Domingo, 6 de marzo de 2011 | Hoy
CASOS > A 50 AñOS DE CLEMENTINA, LA PRIMERA COMPUTADORA CIENTíFICA ARGENTINA
A comienzos de los ’60, durante el desarrollismo de Frondizi, en una habitación especialmente creada, se encendió la primera supercomputadora científica que tuvo la Argentina: catorce armarios parecidos a un vestuario, 5000 válvulas de vidrio, exigencias quirúrgicas de humedad y temperatura. Pero durante los siguientes seis años, Clementina fue la niña mimada de un Instituto de Cálculo con que la UBA se involucró en servicios tan diversos como el Censo de 1960 y la frecuencia de los semáforos de la Av. Santa Fe, pasando por el cálculo de la órbita del Cometa Halley y la lingüística. El brutal asalto del gobierno de Onganía a la universidad pública dejó el proyecto moribundo, hasta que en 1970 la apagaron definitivamente.
Por Carlos Gradin
La primera computadora científica llegó a la Argentina en barco.

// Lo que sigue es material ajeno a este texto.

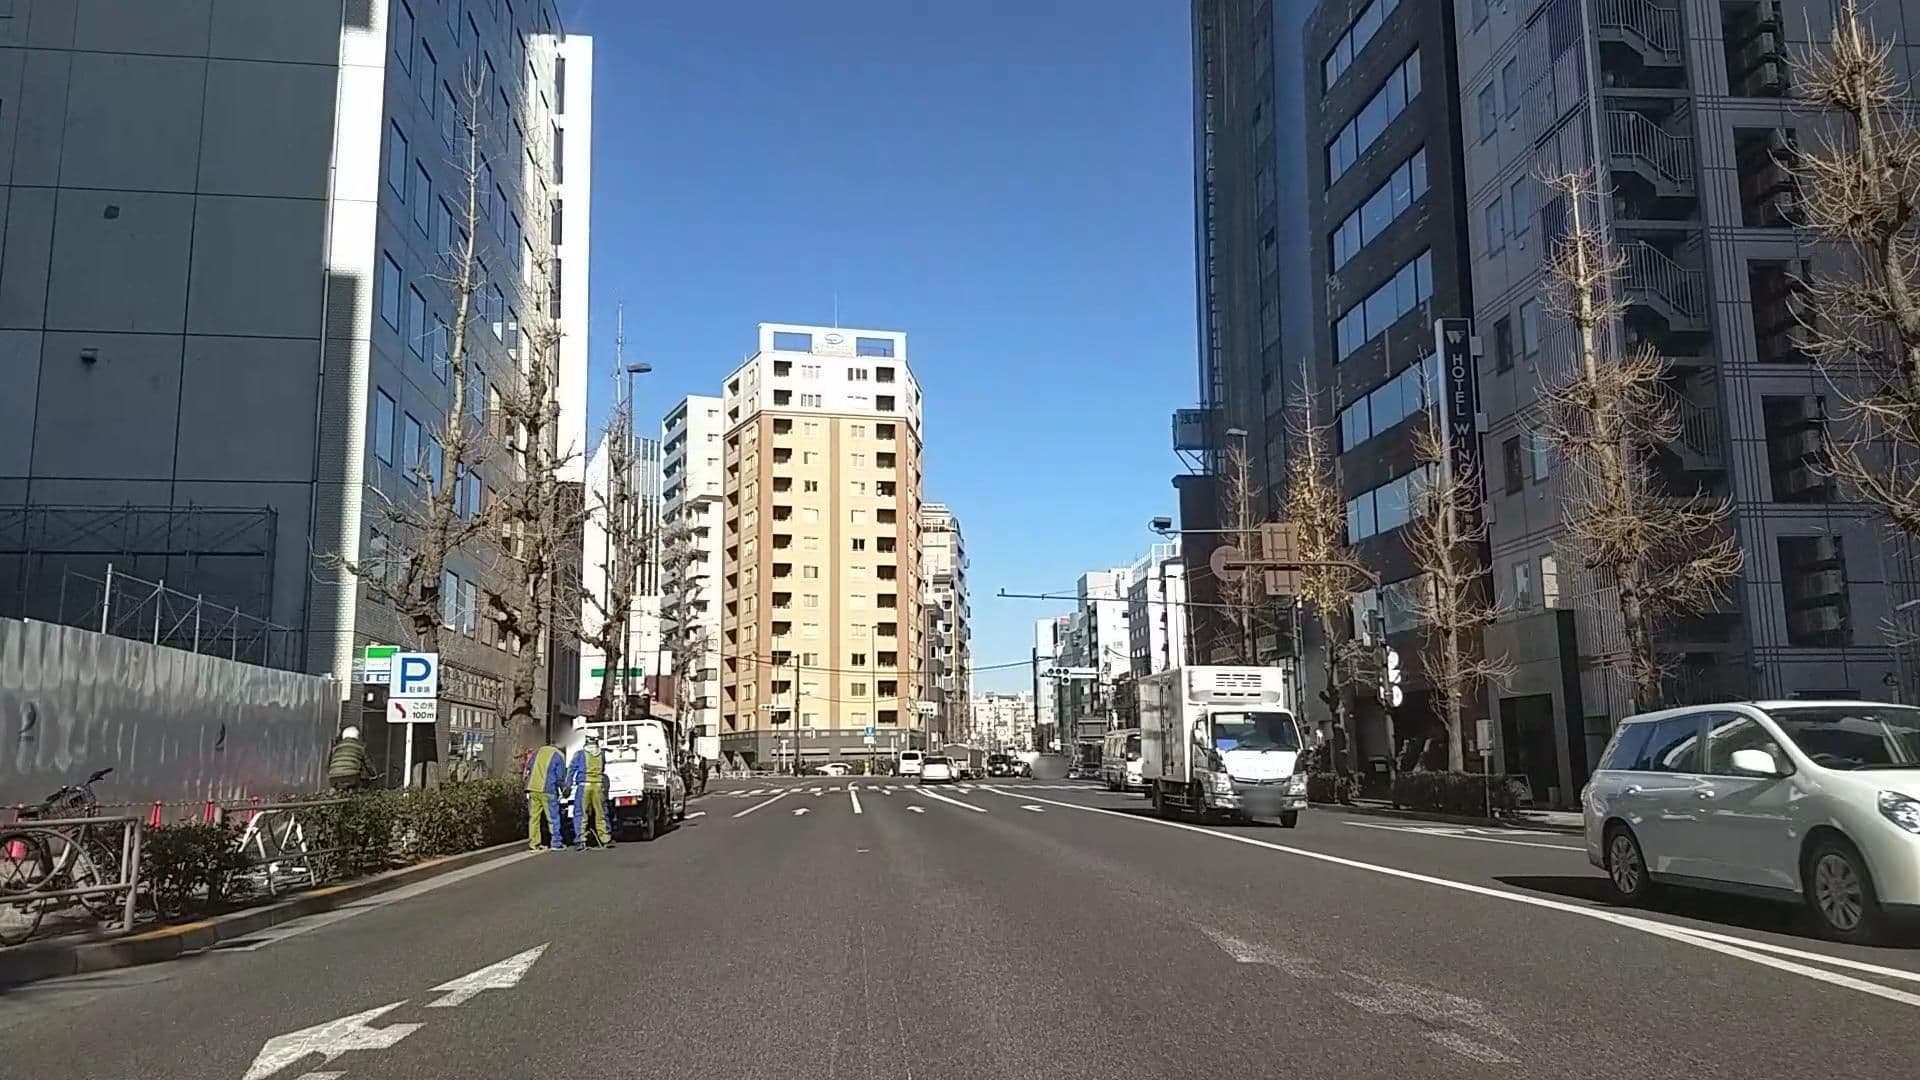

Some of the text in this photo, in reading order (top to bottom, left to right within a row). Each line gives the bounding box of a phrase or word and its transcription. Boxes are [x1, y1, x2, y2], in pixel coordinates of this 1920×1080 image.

[1452, 354, 1473, 476] HOTEL WING
[401, 658, 431, 693] P
[412, 711, 434, 719] 100m

Fue en diciembre de 1960, y su destino era la Facultad de Ciencias Exactas de la UBA, pero en realidad la Mercury de la compañía inglesa Ferranti había sido comprada dos años antes. Los tiempos de la industria informática distaban de la entrega inmediata, y ni hablar de la promesa de enchufar y usar.

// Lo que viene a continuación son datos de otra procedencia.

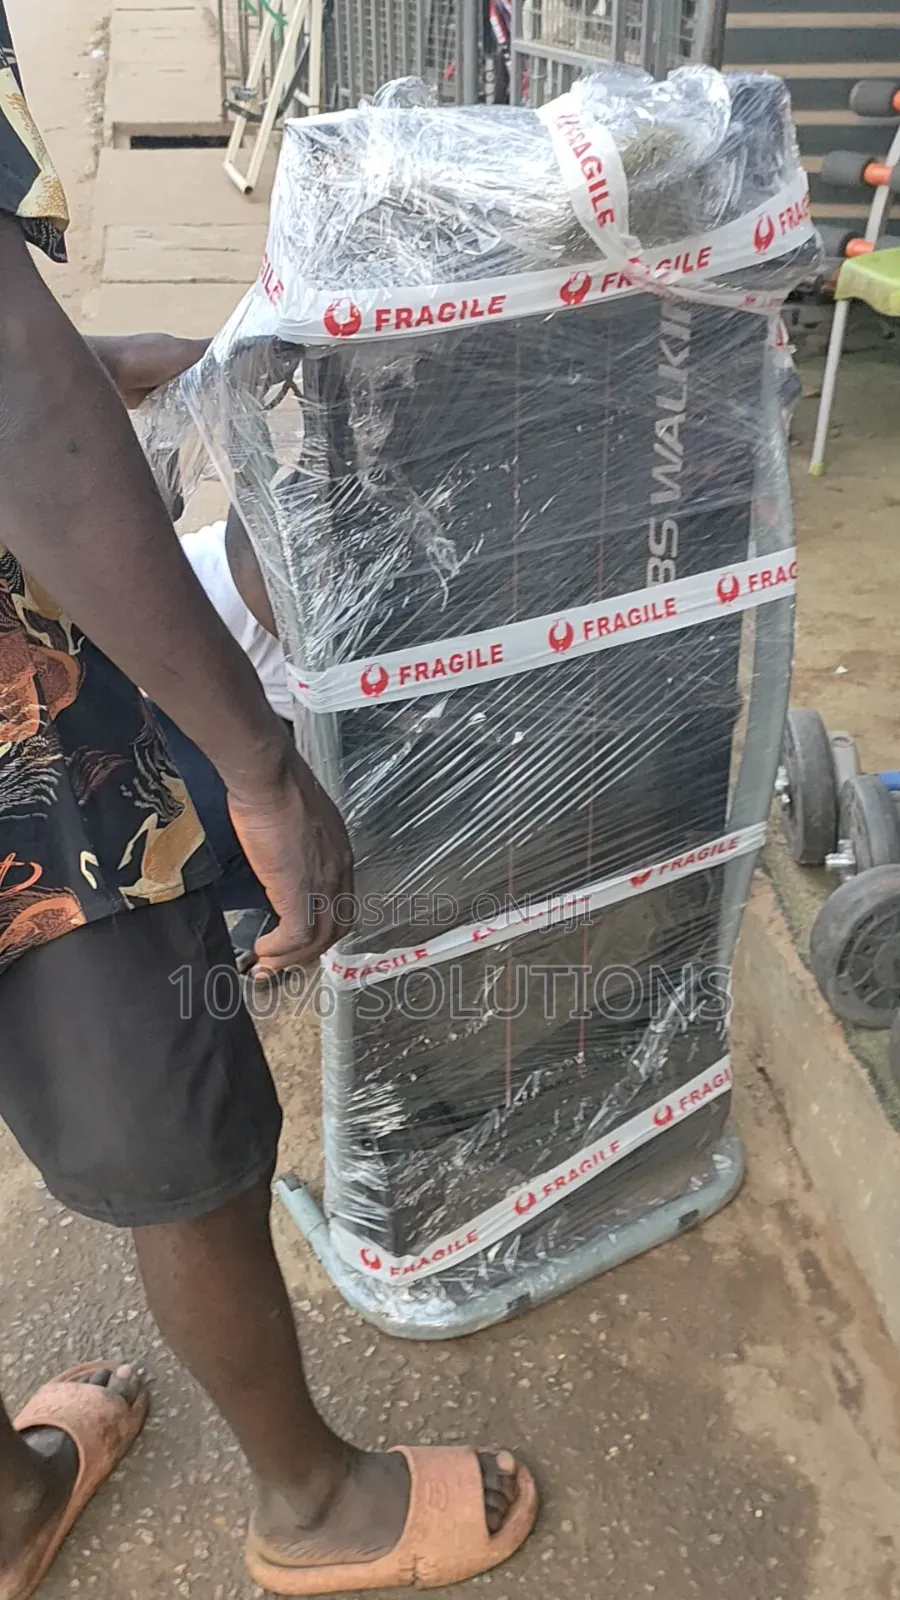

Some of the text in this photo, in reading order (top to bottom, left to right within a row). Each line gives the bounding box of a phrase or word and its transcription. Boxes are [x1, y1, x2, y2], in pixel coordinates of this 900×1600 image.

[600, 246, 713, 293] FRGILE
[374, 294, 507, 332] FRAGILE
[399, 642, 504, 686] FRAGILE
[582, 596, 678, 641] FRAGILE
[332, 836, 741, 980] FRAGILE FRAGILE
[542, 1140, 621, 1197] FRAGILE

De hecho, pasarían meses antes de que funcionara. La Mercury necesitaba un espacio que albergara su frente de 18 metros de gabinetes, y en el que la temperatura y la humedad se mantuvieran controladas. Se construyó una sala especialmente para ella en la nueva Ciudad Universitaria, se envió a estudiantes y profesores argentinos a Inglaterra para capacitarse, y se invitó a expertos como la programadora inglesa Cicely Popplewell, colaboradora de Alan Turing, para dictar cursos y difundir la “mentalidad computacional” en Argentina.

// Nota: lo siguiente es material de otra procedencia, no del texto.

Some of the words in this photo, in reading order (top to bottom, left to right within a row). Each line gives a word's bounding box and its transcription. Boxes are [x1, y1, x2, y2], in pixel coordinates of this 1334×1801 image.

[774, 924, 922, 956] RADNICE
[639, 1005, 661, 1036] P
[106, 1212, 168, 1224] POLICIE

El impulsor de estas actividades era el vicedecano de la Universidad de Buenos Aires, el matemático Manuel Sadosky, un pionero en la difusión de la cibernética en el país. Alrededor de la computadora de la Facultad se terminó de consolidar un espacio interdisciplinario de investigación y desarrollo, el Instituto de Cálculo, en sintonía con las transformaciones en la Universidad luego de la caída y proscripción del peronismo, y la llegada al poder del gobierno del radical desarrollista Frondizi.
Seis años más tarde, el Instituto había puesto en marcha la carrera de computador científico y ofrecía cursos de computación abiertos al público. Sobre todo, se había establecido como una usina de investigaciones para la aplicación de computadoras en temas que iban desde el Censo de Población de 1960 hasta la órbita del Cometa Halley y la frecuencia de los semáforos de la avenida Santa Fe. Toda una camada de jóvenes investigadores, programadores e ingenieros se formó en el Instituto, algo que sumado a la gran producción de textos y la política de financiar parte de sus actividades mediante la venta de servicios a empresas y organismos del Estado, vuelve aún más incomprensible su final.
En 1966, el golpe del general Onganía derrocó al gobierno de Arturo Illia. Un mes más tarde la Policía Federal ingresaba a los edificios de la Universidad para desalojar una protesta, y encarcelaba a estudiantes y profesores luego de golpearlos y hacerlos desfilar con los brazos en alto, como muestra una imagen emblemática de aquella Noche de los Bastones Largos. El Instituto de Cálculo seguiría funcionando, pero casi todos sus integrantes renunciaron para buscar nuevos rumbos, algunos en la actividad privada y otros en universidades de países como Uruguay y Venezuela.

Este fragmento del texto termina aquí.